How blind are those who will not see. YOU are the chosenite. What a
fool I am. All these years I thought I was the chosenite.
Screw genetics. Nicky has presented PROOF up to her ususal standards.
Sad ex-chosenite,
Joshua2
-Original Message-
From: yair davidi [EMAIL PROTECTED]
To: [EMAIL PROTECTED] [EMAIL PROTECTED]
Date: Wednesday, 21 June 2000 09:19
Subject: Semitic Celts
Extract from "Lost Israelite Identity" by Yair Davidy
Chapter Seventeen
THE ISRAELITE AND NORTH AFRICAN LINKS OF THE INSULAR CELTS IN THE LIGHT OF
LINGUISTICS. The Question of Alphabetical Lettering.
The Irish legends are compatible with Israelite origins. They presuppose
having originally come from the Middle East AND often speak of arriving in
Spain via North Africa. A Moroccan Jewish legend1 says that when the Ten
tribes were exiled part of the tribe of Ephraim reached Morocco. They ruled
over the land until the time of Ezra (ca.457-445 b.c.e.) at which period
their rule was lost. In many respects North Africa and Spain in early
times were often effectually one entity.
The Irish, Scottish, and Welsh, and many of the ancient Britons and Gauls
spoke forms of Celtic. Celtic is considered an Indo-European tongue related
to Latin. The Celts apparently received the Indo-European aspects of their
language and culture from peoples they had conquered on the Continent
before continuing their westward trek. Linguistic examinations of the
speech of the Welsh and Irish reveal a form of Celtic in which there is an
underlying speech element similar to that found in North Africa. North
African languages are classified as "Hamitic". Egyptian and Berber are
Hamitic tongues. They have an affinity with Semitic languages and local
dialects in various parts of the Middle East occasionally exhibit Hamitic
features. Aspects of Hamitic speech are also found in Biblical Hebrew but
they are not emphasised. Most of the ancient Canaanite peoples adopted a
language similar to Hebrew though both Indo-European and Hamitic languages
must also have been known to them . The Phoenician use of Hebrew has
characteristics of a foreign tongue adopted by them2. There also exist
Arabic dialects which are Hamitic or reveal a Hamitic substratum. Not only
that but the impression is that much of the difference between Hamitic and
Semitic is more one of emphasis than of substance. Dialects of Hebrew
within the Land of Israel could well have absorbed Hamitic elements.
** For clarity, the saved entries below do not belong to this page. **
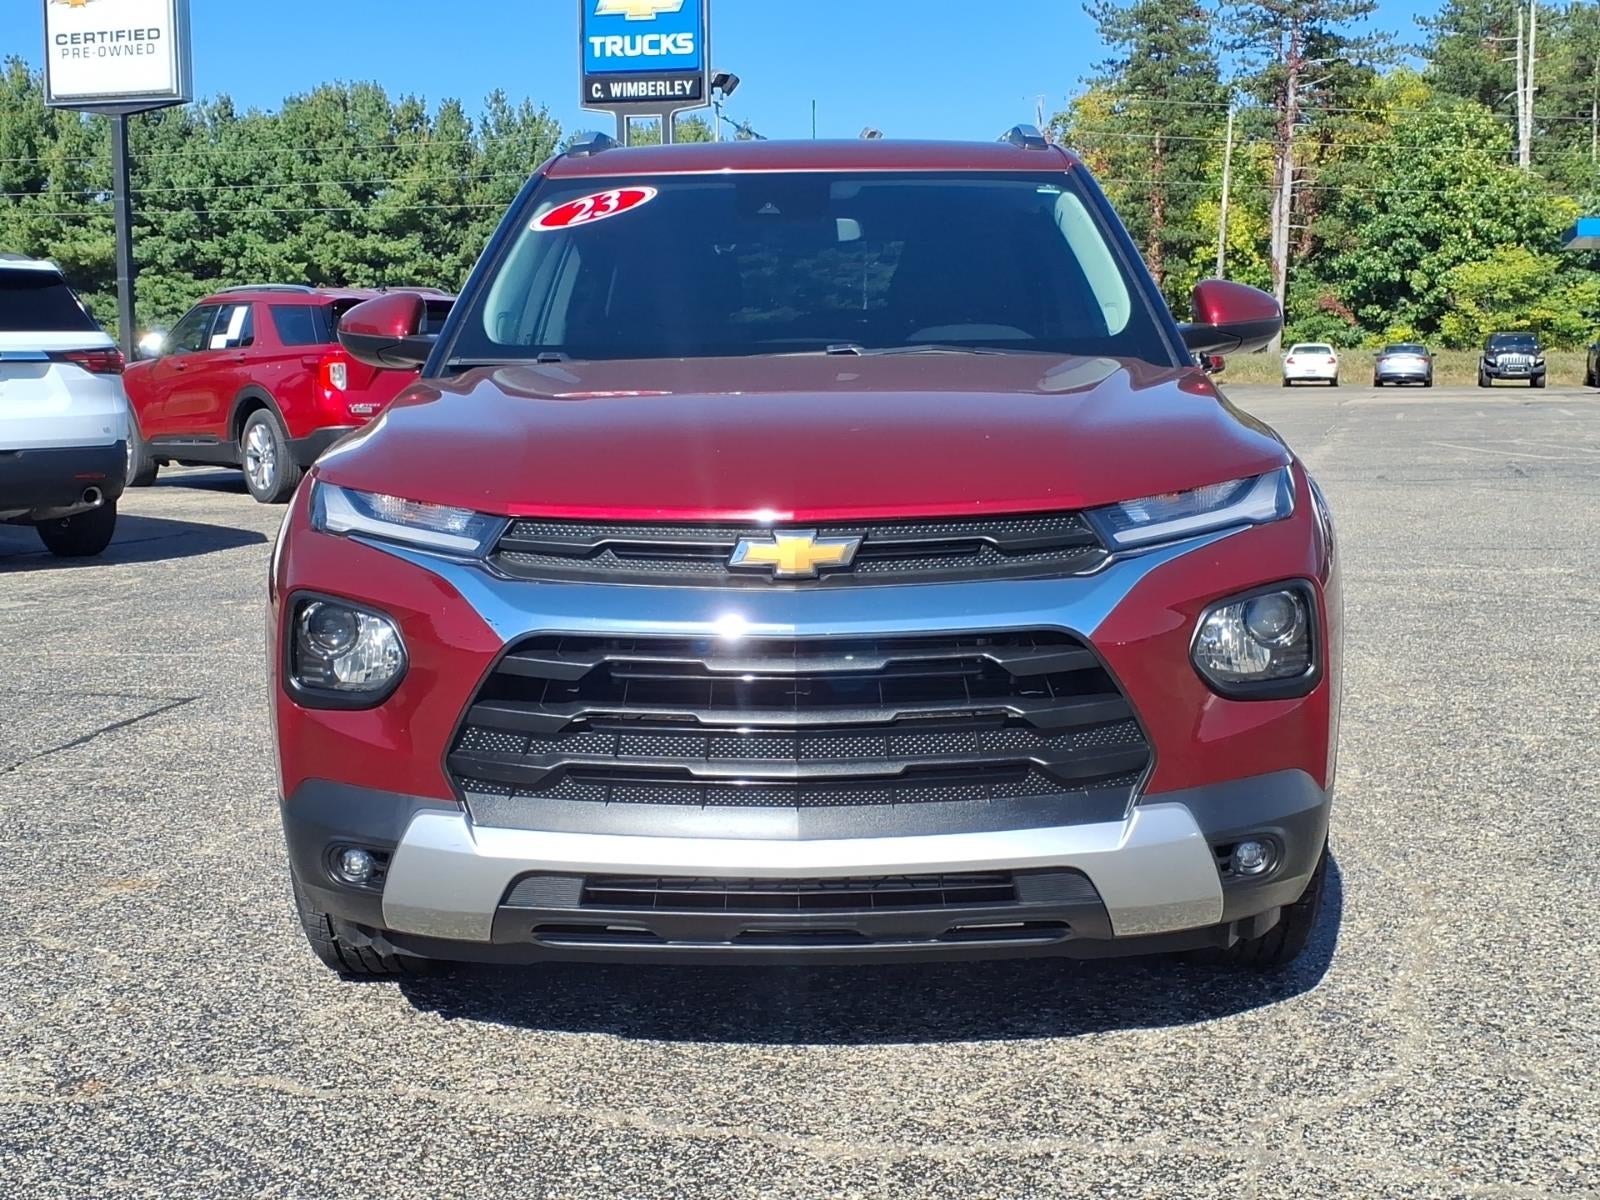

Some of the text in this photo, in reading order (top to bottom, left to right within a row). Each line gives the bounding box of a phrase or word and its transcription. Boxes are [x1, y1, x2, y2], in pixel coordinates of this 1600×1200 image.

[55, 28, 161, 46] CERTIFIED
[589, 33, 695, 57] TRUCKS
[61, 43, 155, 59] PRE-OWNED
[591, 80, 694, 98] C. WIMBERLEY
[567, 191, 621, 225] 23
Insular British Celtic tongues, especially colloquial Welsh, says
W.H.Worrell3, show certain peculiarities which are reminiscent of Hamitic
and Semitic tongues and are unparalleled in Aryan languages. Similarly,
according to H.Wagner:
"Irish..has as many features in common with non-Indo-European languages,
especially with Hamito-Semitic languages, as with other Indo-European
languages"4.
"Insular Celtic languages.. the grammatical categories having many
affinities with non-Indo-European languages, in particular Basque and
Berber"5.
"The comparative typology of insular Celtic initiated by Morris Jones
and further developed by Pokorny, G.B.Adams, and myself has revealed that
most of the many peculiar features of insular Celtic rarely traceable in
other Indo-European languages have analogies in Basque, Berber, Egyptian,
Semitic, and even in Negro languages"6.
"Certain features [(of marginal influence only)] of Old Irish verb
forms can be understood only in the light of Hittite, Vedic, Sanskrit, and
Mycenean Greek"7.
J.Morris Jones said that,
"The pre-Aryan idioms which still live in Welsh and Irish were derived
from a language allied to Egyptian tongues"8.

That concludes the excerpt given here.